[Saved entries]

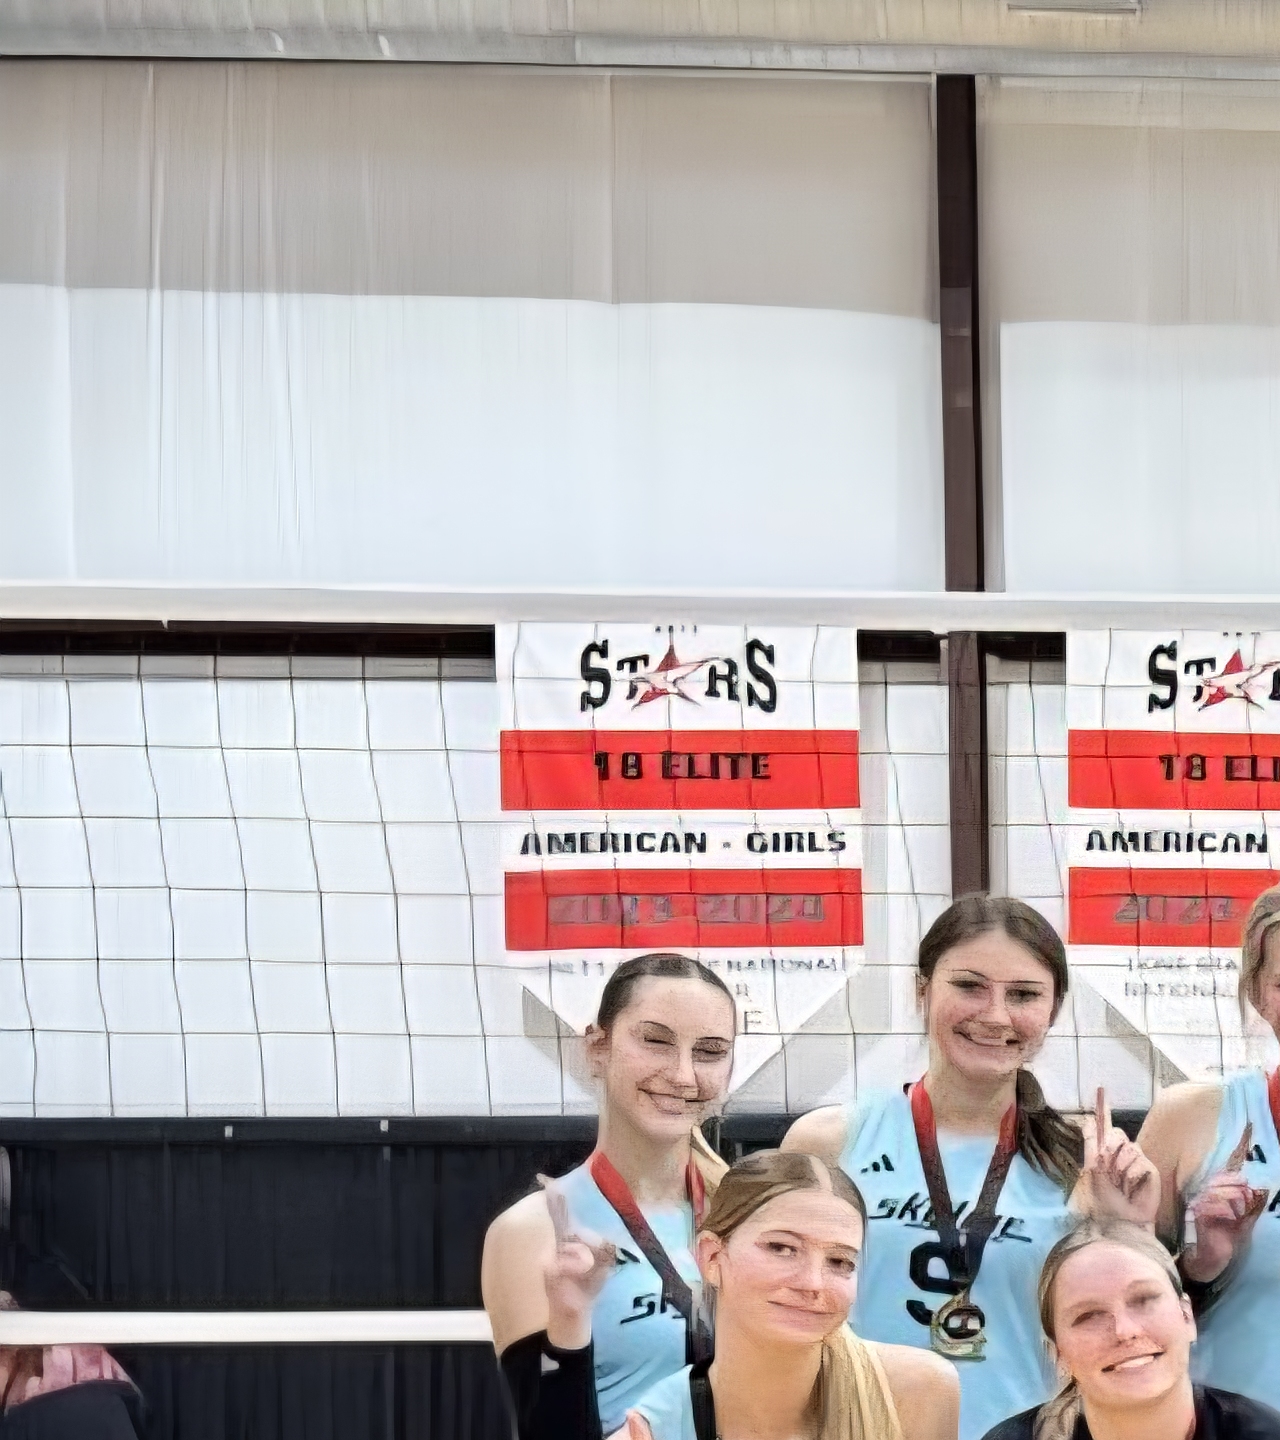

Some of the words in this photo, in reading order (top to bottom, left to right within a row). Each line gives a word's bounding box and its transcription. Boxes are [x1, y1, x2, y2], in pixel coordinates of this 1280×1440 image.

[580, 637, 777, 713] STARS
[594, 751, 642, 780] 18
[662, 751, 771, 780] ELITE
[1159, 753, 1207, 781] 18
[520, 831, 707, 855] AMERICAN
[746, 831, 846, 854] GIRLS
[1086, 830, 1268, 854] AMERICAN

| ACTIVITY |
All of the data needs repeating exactly, but the pictures do not.

| FINISHED TASK |
Some of the words in this photo, in reading order (top to bottom, left to right within a row). Each line gives a word's bounding box and its transcription. Boxes are [x1, y1, x2, y2], in pixel coordinates of this 1280×1440 image.

[580, 637, 777, 713] STARS
[594, 751, 642, 780] 18
[662, 751, 771, 780] ELITE
[1159, 753, 1207, 781] 18
[520, 831, 707, 855] AMERICAN
[746, 831, 846, 854] GIRLS
[1086, 830, 1268, 854] AMERICAN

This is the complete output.